For most households, it is not exactly clear if consumption has gone up or by how much during the circuit breaker period, as they use meters that require manual reading.
A Keppel Electric spokesperson told BT that the Open Electricity Market retailer cannot comment on the usage of residential consumers for now. "Most customers are on manual meters and SP Services only takes meter reads every two months. With the circuit breaker, they have also suspended meter reading for April and May. We will only know the actual readings later."
A Facebook post showed that SP Group's meter readers would not be visiting households to record their utility usage during the circuit breaker period, so April, May and June bills would be estimated consumption.
The electricity tariffs before the goods and services tax decreased from 24.24 cents per kwh to 23.02 cents per kwh for the April to June quarter. This means that the average monthly electricity bill for a family living in a four-room Housing Board flat will decrease by S$3.89.
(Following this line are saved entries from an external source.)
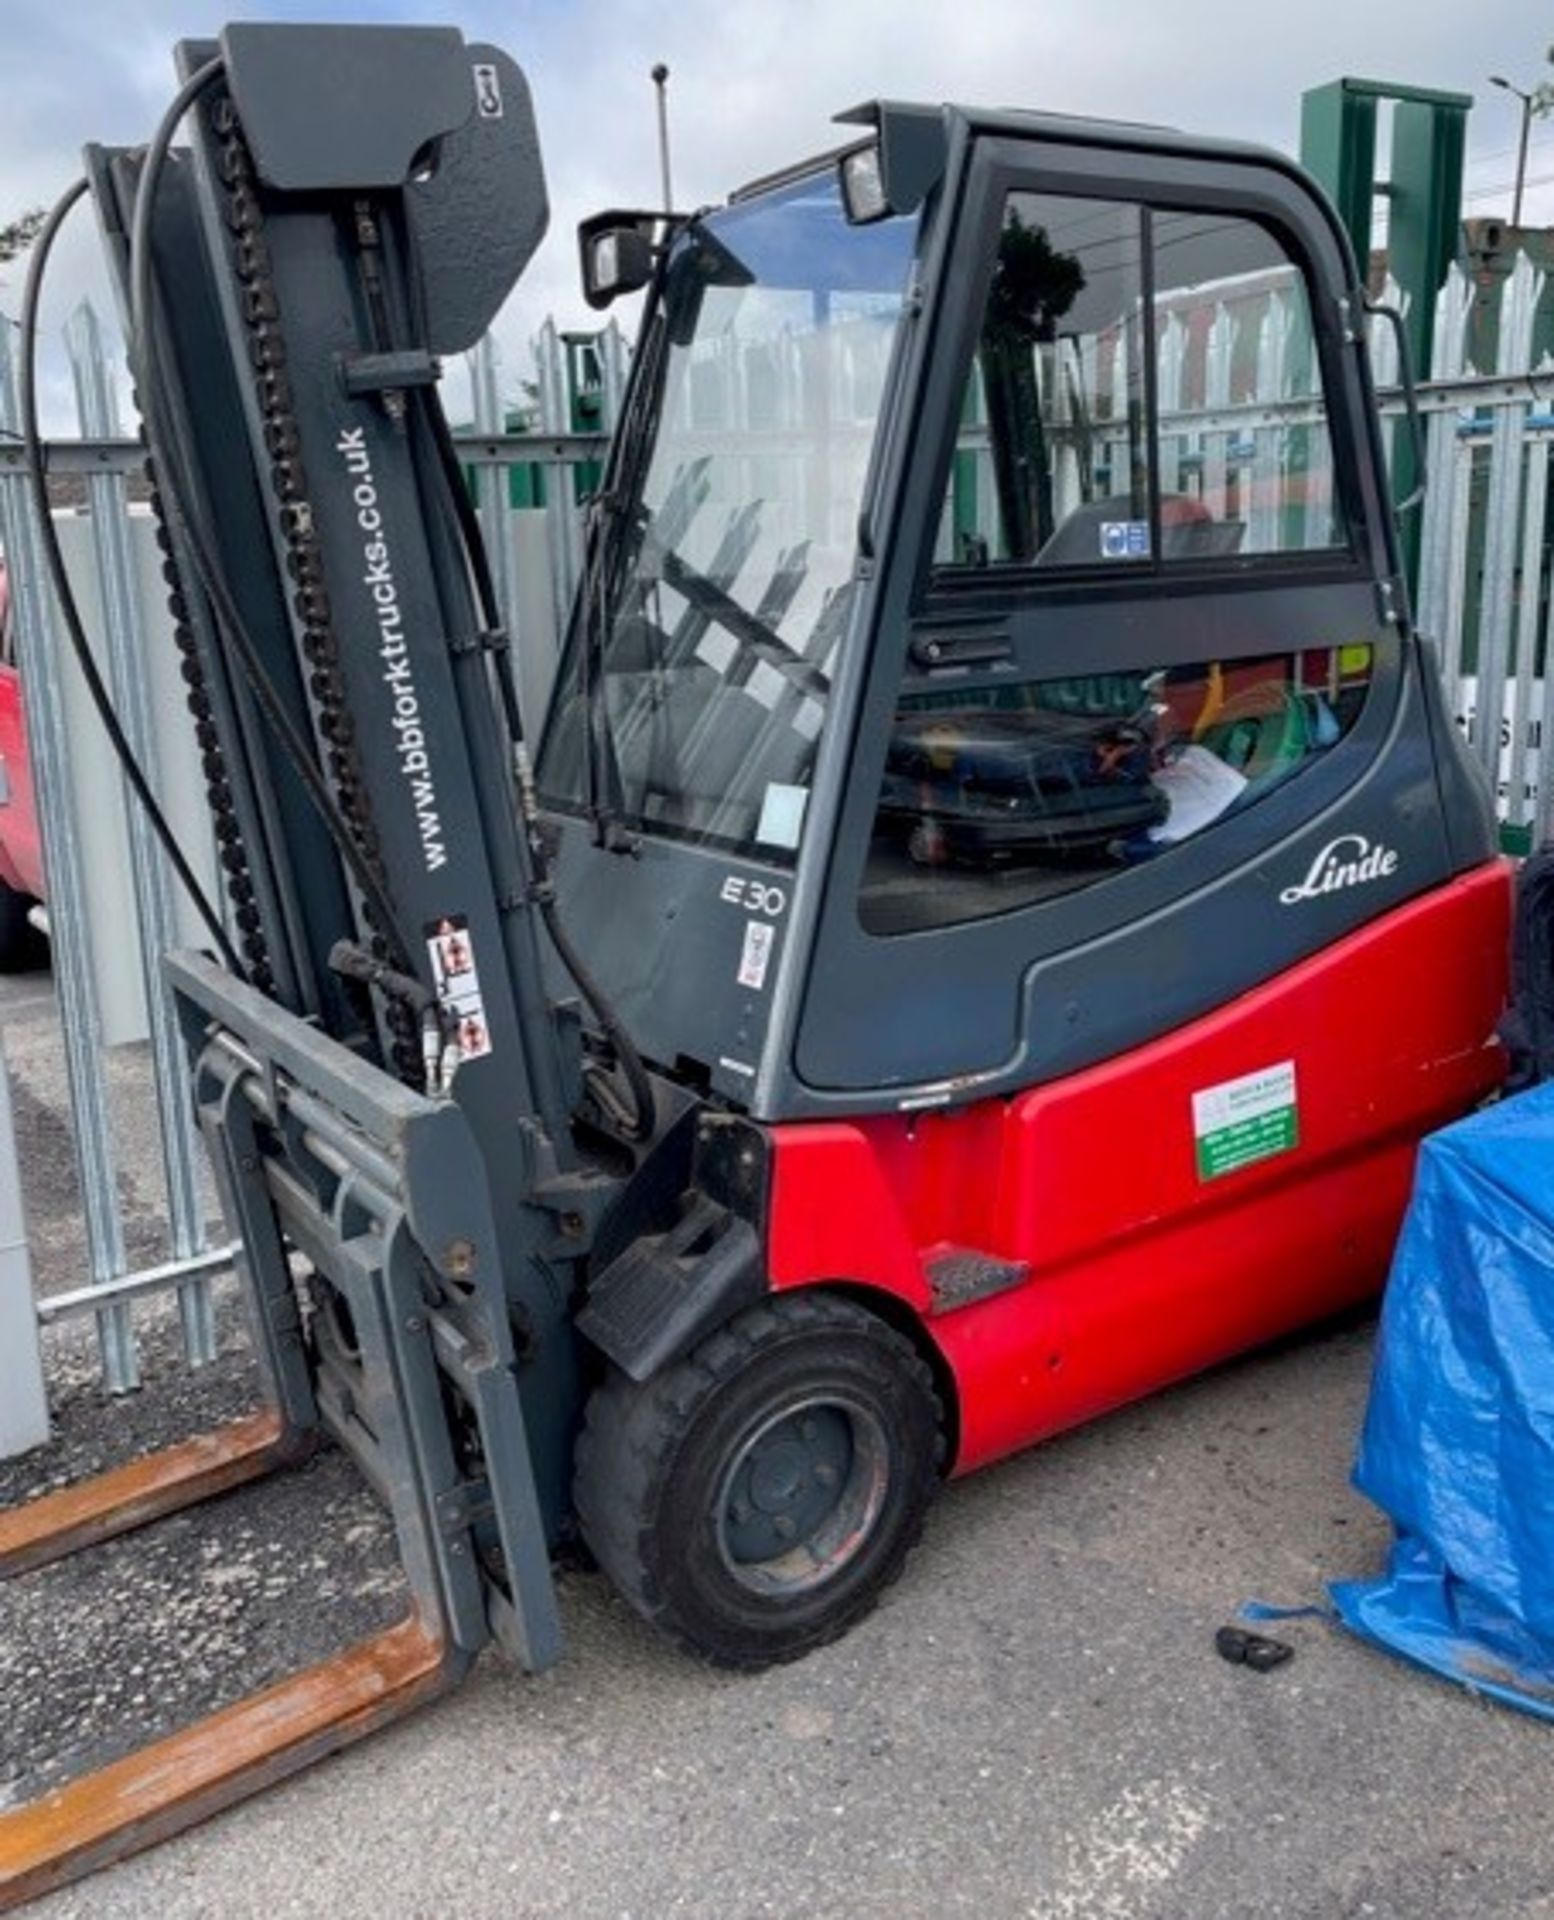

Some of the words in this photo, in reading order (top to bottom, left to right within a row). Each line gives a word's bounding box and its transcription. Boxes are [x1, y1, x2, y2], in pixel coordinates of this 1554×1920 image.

[337, 426, 447, 871] www.bbforktrucks.co.uk
[720, 876, 786, 916] E30
[1280, 833, 1398, 904] Linde
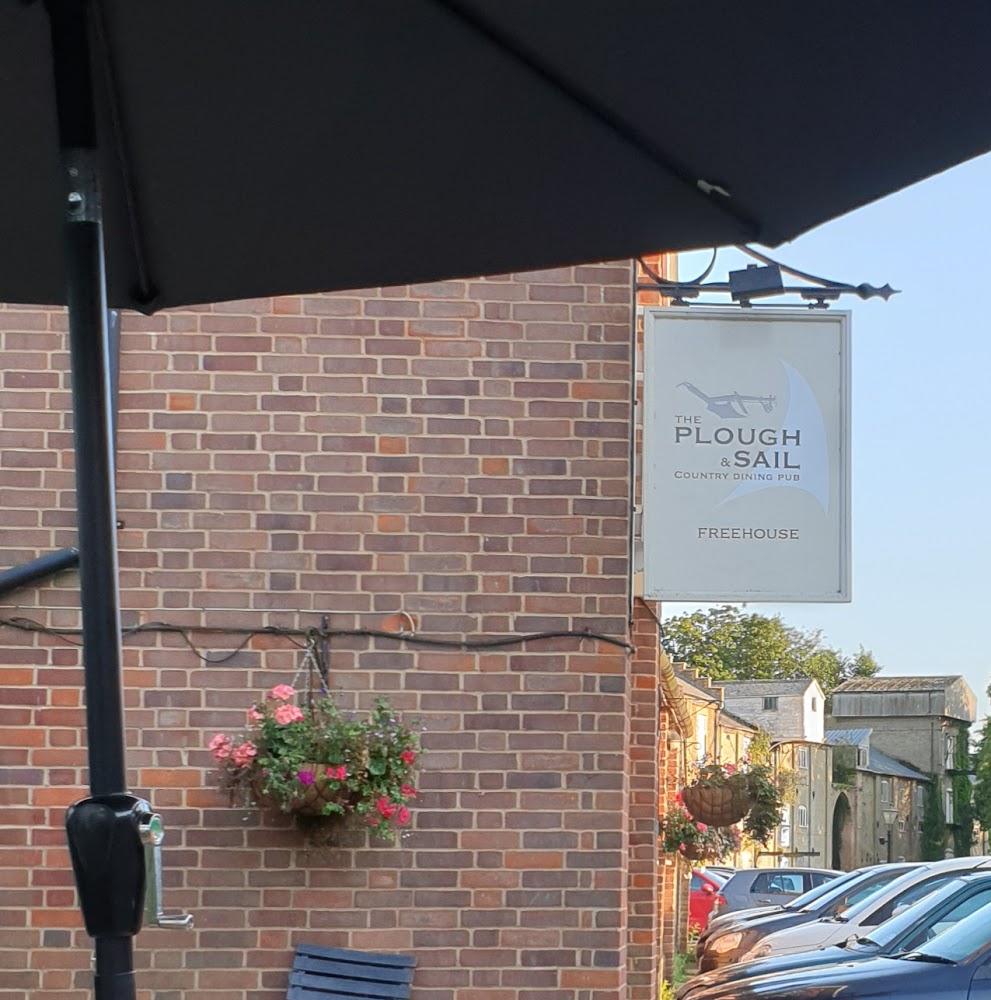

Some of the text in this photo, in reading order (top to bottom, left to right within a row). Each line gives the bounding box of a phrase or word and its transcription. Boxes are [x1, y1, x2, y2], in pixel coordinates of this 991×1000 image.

[675, 415, 701, 424] THE
[675, 426, 801, 446] PLOUGH
[720, 450, 801, 469] & SAIL
[733, 473, 773, 481] DINING
[698, 527, 799, 540] FREEHOUSE
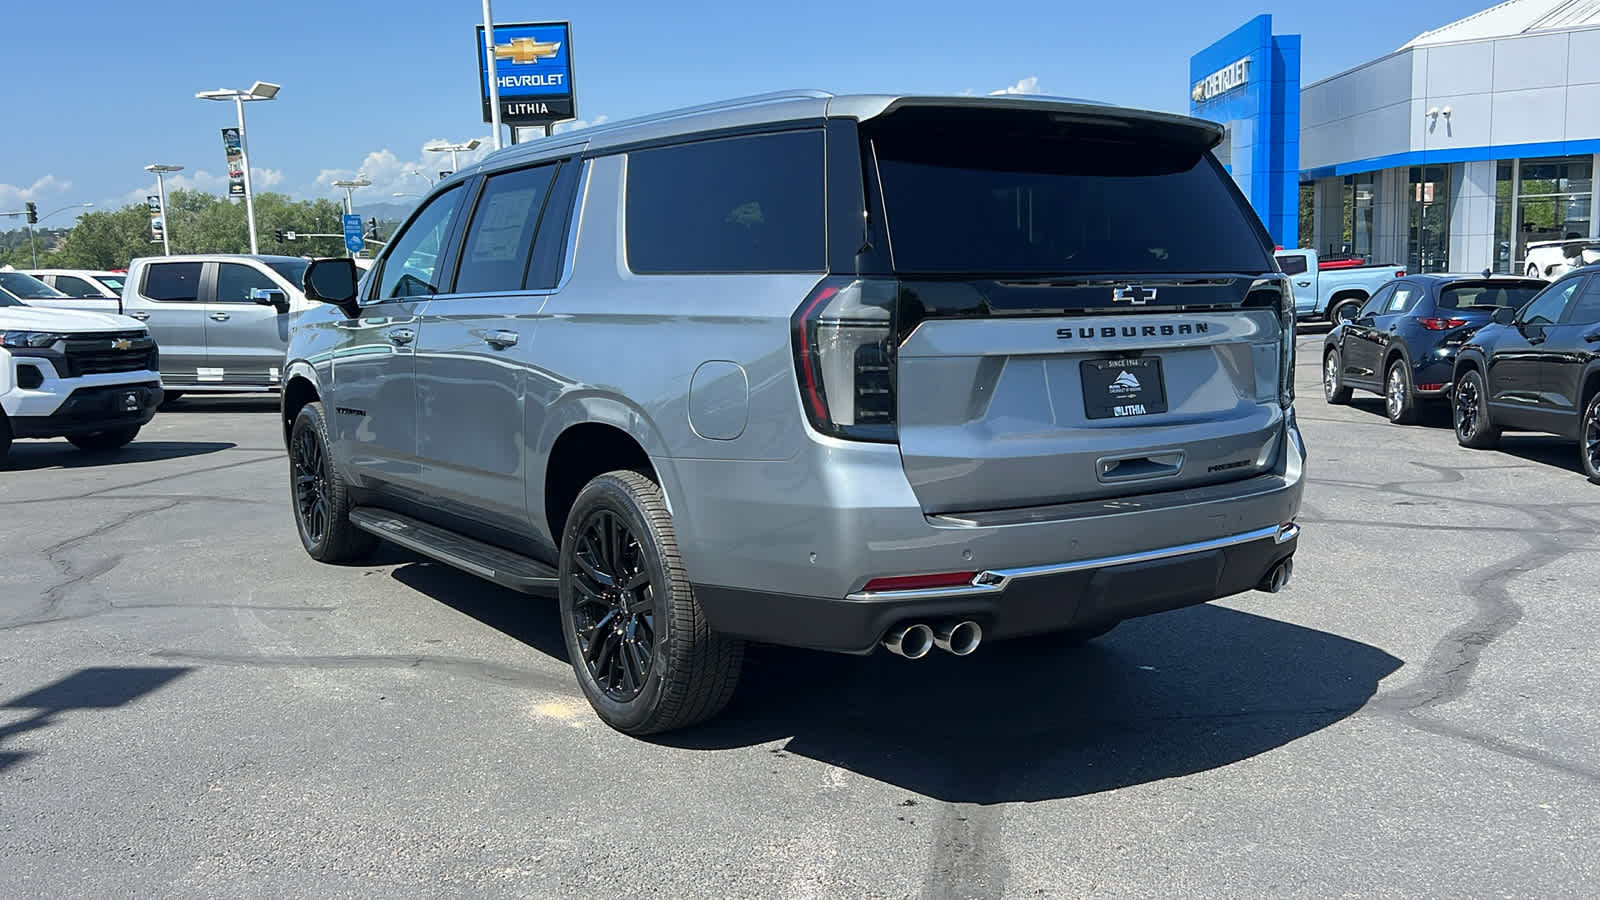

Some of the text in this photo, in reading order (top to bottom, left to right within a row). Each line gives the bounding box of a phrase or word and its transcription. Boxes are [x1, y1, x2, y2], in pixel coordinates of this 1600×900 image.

[497, 74, 563, 87] HEVROLET
[1205, 57, 1250, 99] CHEVROLET
[508, 103, 548, 115] LITHIA
[1056, 323, 1208, 339] SUBURBAN
[1108, 360, 1125, 368] SINCE
[1120, 404, 1146, 416] LITHIA
As it may be difficult for an employee to calculate the exact amount of the allowable expenses that have been incurred as a result of working at home, Iras will accept the difference in electricity and telephone bills before and after working from home.
For example, if the electricity bills before and after working from home are S$50 and S$60 respectively, the difference of S$10 can be claimed as deduction being expenses incurred for work purposes.
Where government rebates have been provided, taxpayers have to ascertain the portion of the electricity expenses incurred for work purposes based on the amount of charges net of government rebates.
As for broadband WiFi connection set up for work purposes, employees may claim the WiFi monthly subscription fees as a deduction. However, such one-time charges as installation or connection fee cannot be claimed because they are capital in nature.
Further, if WiFi has been set up before working from home, no deduction can be claimed for such expenses. To claim the expenses incurred for working from home, taxpayers must keep for five years proper records on these expenses and documents such as confirmation from the employer stating the period of working from home.